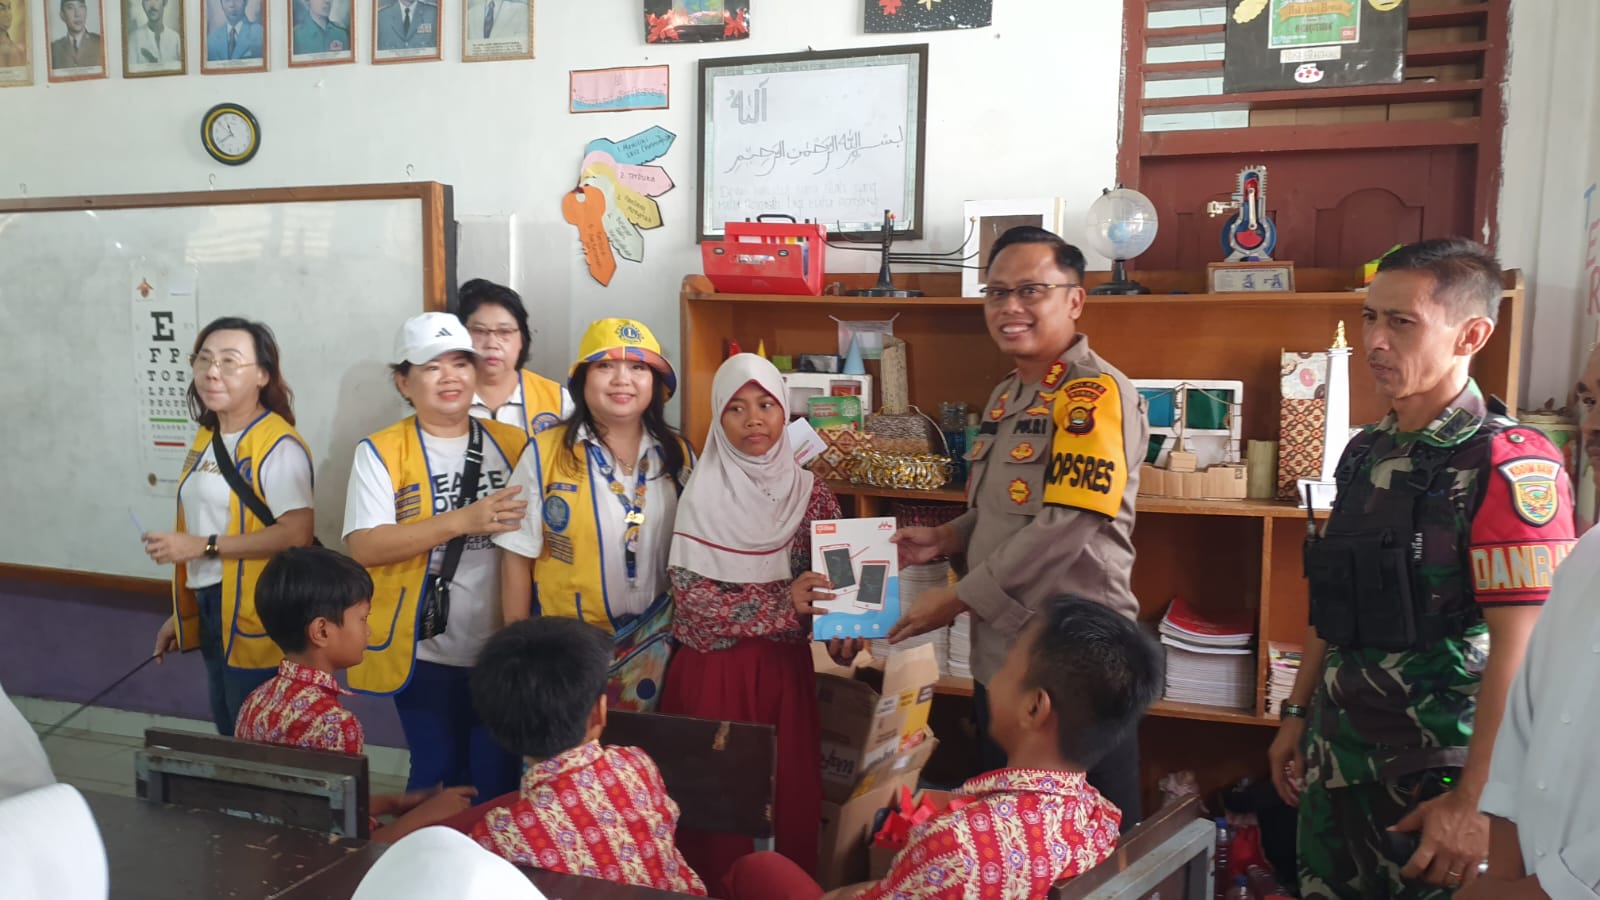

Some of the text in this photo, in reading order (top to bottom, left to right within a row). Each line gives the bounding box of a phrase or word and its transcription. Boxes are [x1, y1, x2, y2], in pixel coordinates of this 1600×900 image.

[151, 311, 175, 342] E
[149, 347, 180, 363] F P
[1046, 452, 1115, 494] OPSRES
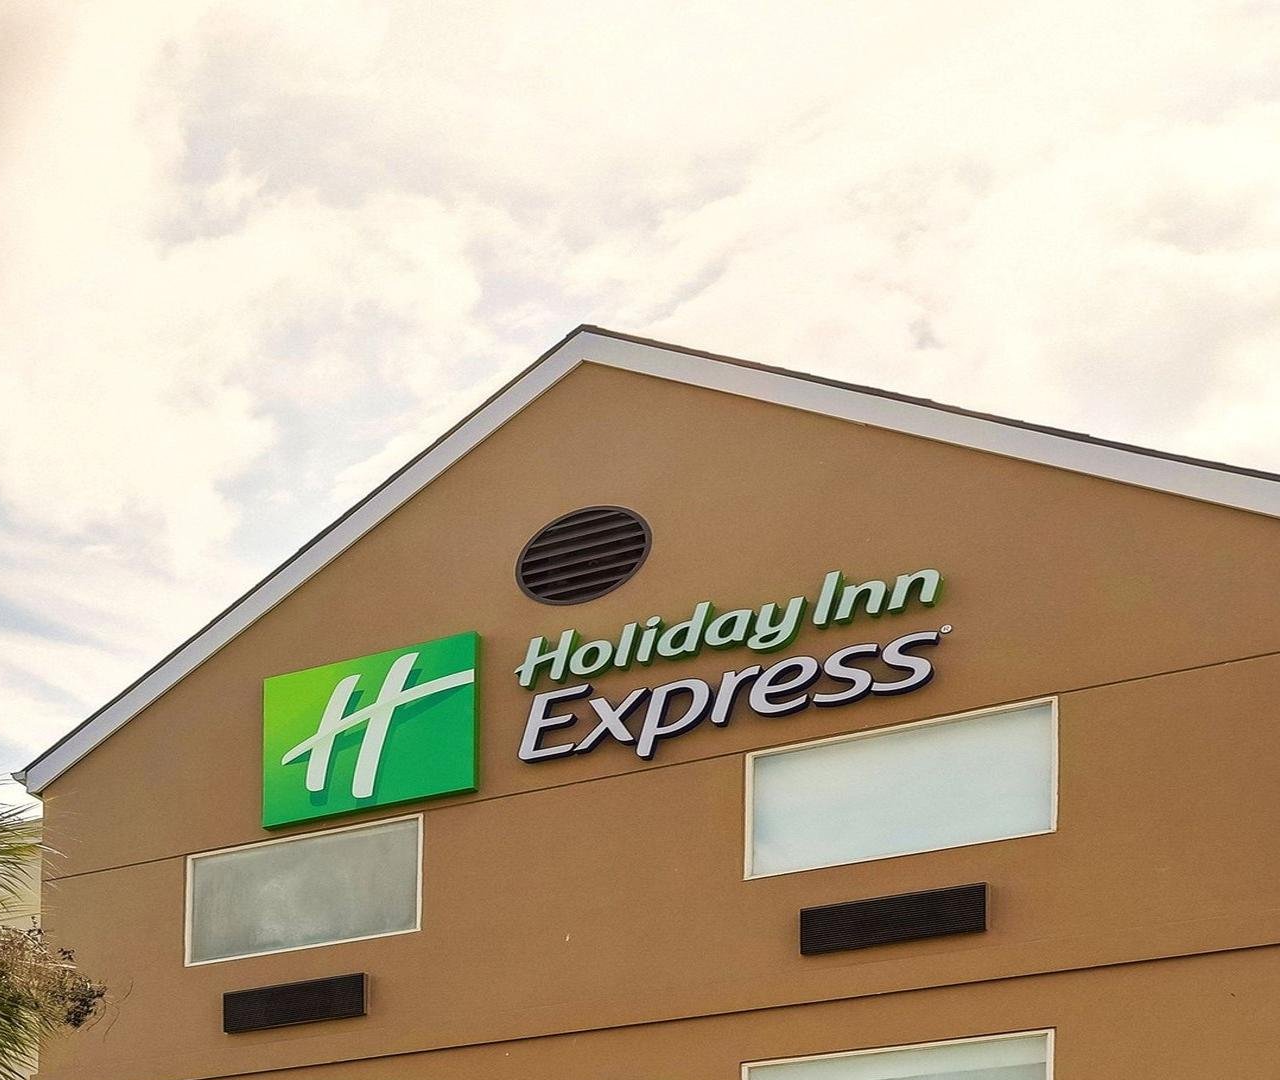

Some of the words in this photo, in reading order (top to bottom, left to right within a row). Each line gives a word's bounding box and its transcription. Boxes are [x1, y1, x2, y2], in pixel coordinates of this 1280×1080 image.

[514, 596, 809, 690] Holiday
[812, 569, 945, 630] Inn
[518, 631, 940, 763] Express
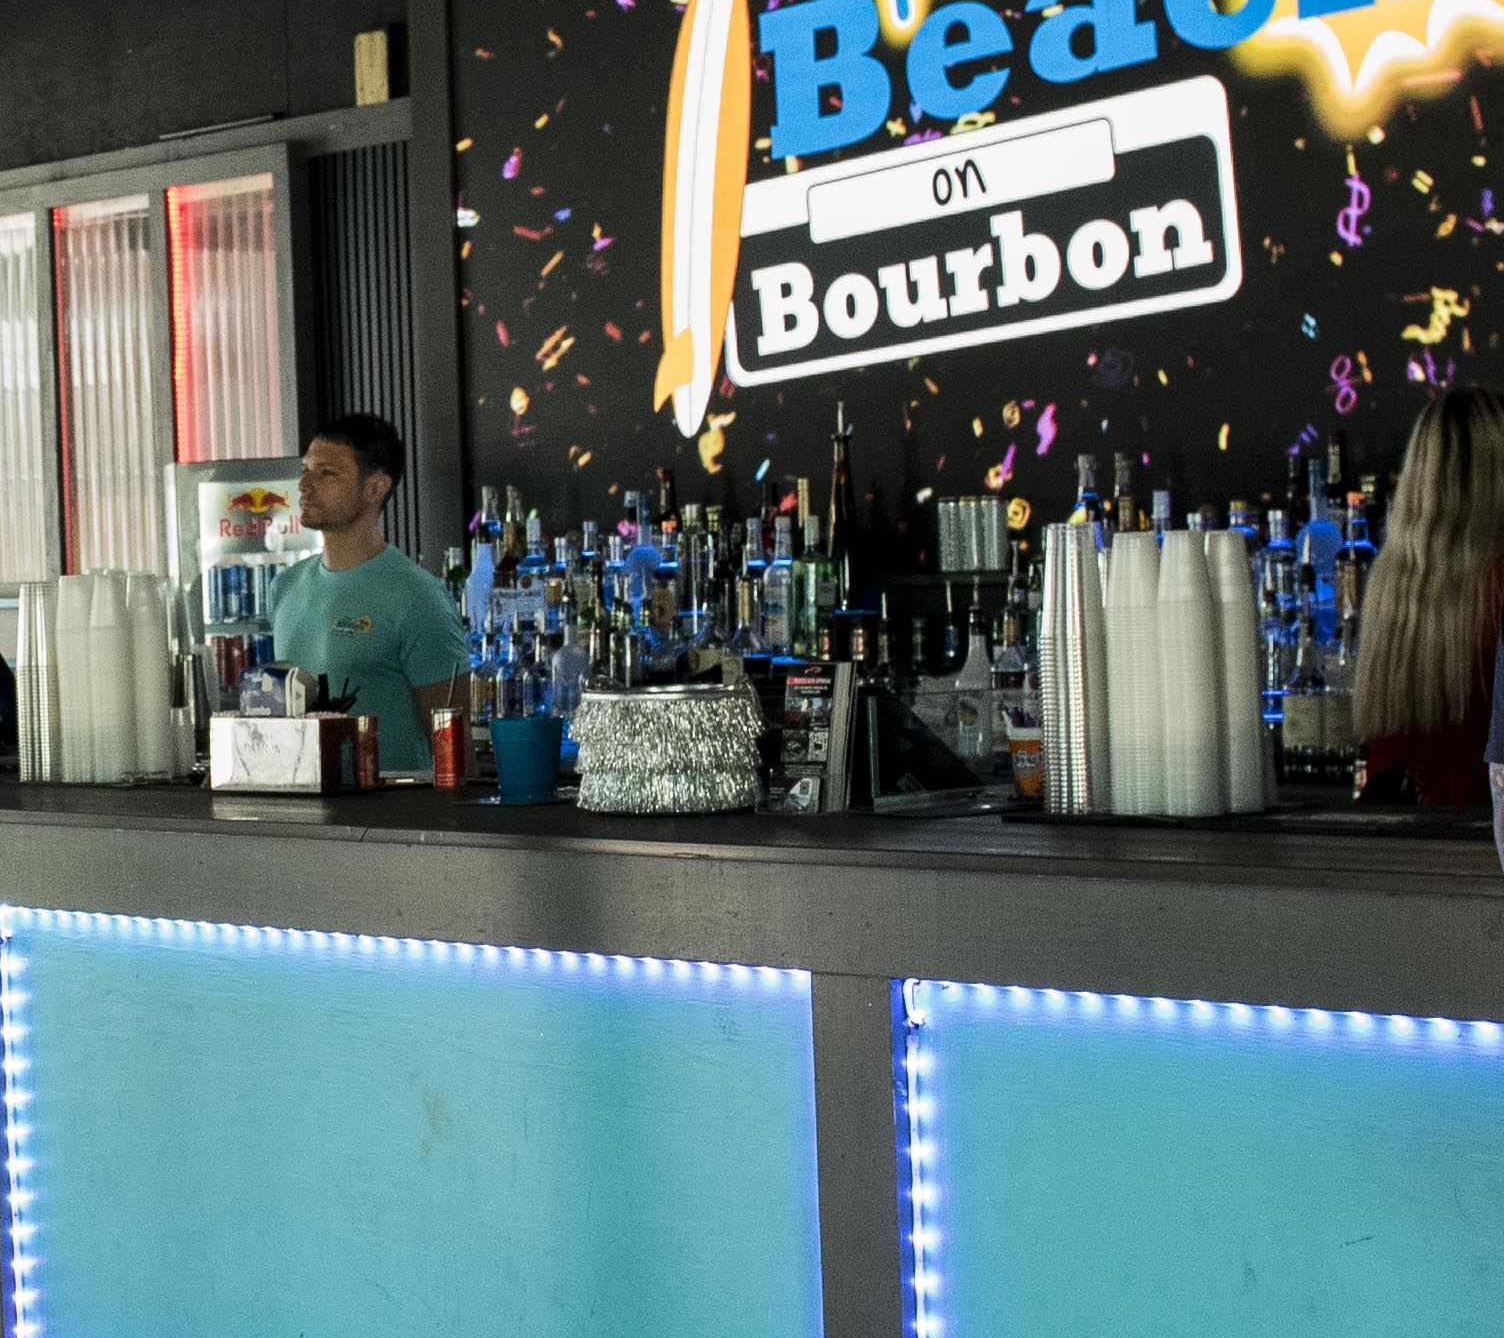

Activity: Transcribe each line of the material above verbatim, but do not include the images.

Output of the exercise:
Some of the text in this photo, in reading order (top to bottom, left to right within a row). Each line gives the bounding box of a phrase or word and its transcription. Boxes are [x1, y1, x2, y2], in pixel coordinates of this 1600×900 image.

[151, 311, 175, 342] E
[149, 347, 180, 363] F P
[1046, 452, 1115, 494] OPSRES

Some of the words in this photo, in reading order (top to bottom, left to right within a row). Each line gives a word's bounding box and its transcription. Boxes are [x1, y1, x2, y2], in pixel coordinates of this 1280×1080 image.

[514, 596, 809, 690] Holiday
[812, 569, 945, 630] Inn
[518, 631, 940, 763] Express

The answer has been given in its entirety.